Thursday, November 8, 2012

How to Help a Neighbor in Need

She was well dressed, maybe 50-something, with a lovely coat and shoes and an artsy tote. She took her coffee to go and commented on how happy she was to be warm, and inside someplace cozy, inside Colson Patisserie in Park Slope.

"I have no place to go," she said, more matter-of-factly than one might expect, except now, after Sandy. "I'm staying with a friend until Friday and then..." she trailed off. "Then, I don't know."

The young barista looked uncomfortable, so I stepped in.

"Where do you live?" I asked, cognizant suddenly that the question was a loaded one, the tense all wrong. Where did you live?

"Red Hook," she said, turning to face me at my corner table. I just nodded. I'd not been there since the devastation, just heard tell of the wreckage 10 minutes away. I'd just seen pictures, donated money to help, as if it were New Orleans or some further foreign land.

"What do they say, about getting back in?" I asked, hopeful that there was some promise of hope.

She shook her head. "They don't say anything. No one has any information. I live in housing, and the building manager just tells me, when I ask, to go away."

"FEMA?" I asked. "Could you go to a shelter?"
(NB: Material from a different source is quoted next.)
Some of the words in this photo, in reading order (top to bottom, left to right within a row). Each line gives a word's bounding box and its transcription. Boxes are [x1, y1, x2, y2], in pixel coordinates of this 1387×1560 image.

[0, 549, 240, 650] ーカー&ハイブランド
She nodded no. "I just couldn't. All those cots, all those people together..."

It struck me, then. The horror of sudden homelessness, her horror.

"And the money..." she said, shaking her head, unbelieving herself. "It's running out."

"I'm sorry," I said. "I wish I had some information to give you, something..."

She laughed. "It's not for you to say you're sorry, to have information..."

"I should though," I said. "I should know, be able to do something."

Without even thinking, I reached into my bag. I felt so useless, I had to do something.

"Here," I said, standing up from where I'd been sitting, eating a bowl of soup. I handed her a $20. "Take this."

It was the wrong thing, I knew it immediately. Tears started to form in her eyes.

"No!" she said. "Give it to charity, give it to someone..." She stopped herself. She was the one in need.

I felt sick, but I pushed forward. It was too late not to have this conversation, not to face the sad reality of the situation, mine and hers, have and have not.

"Please," I said, "We need to help each other, we need to be able to ask each other directly for help," I said. "I'm just giving money to organizations that help people in trouble, like you. We're neighbors, why can't we ask each other directly for help when we need it? We're going to have to learn to do that."

"Here," she said, anxious to rid herself of her feelings of helplessness, desperate to suddenly. She reached for my bowl on the table, to clear it. "Let me help you..."

"No," I said. I took the bowl and put it on the counter. I felt afterward that I should have let her take it, let her be useful.

"It'll be fine," I said, as I turned to her. Then, it occurred to me: Maybe it wouldn't be, certainly not right away. Maybe, after Friday, she'd have nowhere to go.

"Let me give you my number," I said, grabbing the pen off the counter, pulling a receipt out of my wallet.

I put my name and number down, my e-mail. I thought maybe I should just give her my address, in case she had no phone, no Internet. She could know a place that would take her in, a stranger and a strange place, but someplace.

She took the paper willingly, unlike the $20.

"Thank you," she said, gratitude in her eyes. "I'm Devorah."

"I'm Stephanie," I said.

We walked out of the cafe together. She was headed across the street, to the library.

"Thank goodness it reopened," I said.

She nodded, "Yes," she said. "I feel almost normal there."

"Good-bye," I said. "Good luck, stay warm."

"Thank you," she said. "Thank you very much."

I didn't even give Devorah a gold star. It just didn't seem like nearly enough.  

Wednesday, November 7, 2012

The Great Susan Fox

I remember meeting Susan Fox in Prospect Park. I'd just moved to Park Slope with my one-year-old son, and was taking a walk down toward the dog pond when a bright-eyed blonde introduced herself and took down my information for a new parents group she was starting, Park Slope Parents. I remember signing up at work and immediately cancelling when my inbox become inundated with information and requests and news.

Somehow, over the last decade, Susan has continued to build a network of amazing Park Slope parents, people who have the power to collaborate to do anything, if only they could be coordinated and given direction.

Susan is that amazing director. Her ability to deftly manage a neighborhood of managers was never in better evidence than this past week. When devastation struck our city by the powerful storm called Sandy, Susan's strong voice rang out simple directives on what we, the fortunate, able-bodied, monied mass of Park Slopers, needed to do to help. The Old Stone House became a hub last weekend, a physical manifestation of the virtual network she has run for so long, that I only recently had the nerve to sign up for again.

As I sit paralyzed by the magnitude of help needed in our city, overwhelmed by guilt and not sure how to do my bit, I am so grateful to that beautiful blonde light that emanates from my amazing neighbor and inspires me to do what I can.

I placed a gold star on Susan as she managed the teams of volunteers at the Old Stone house. She deserves so many more, for always trying, never giving up, for helping so many every day in so very many ways.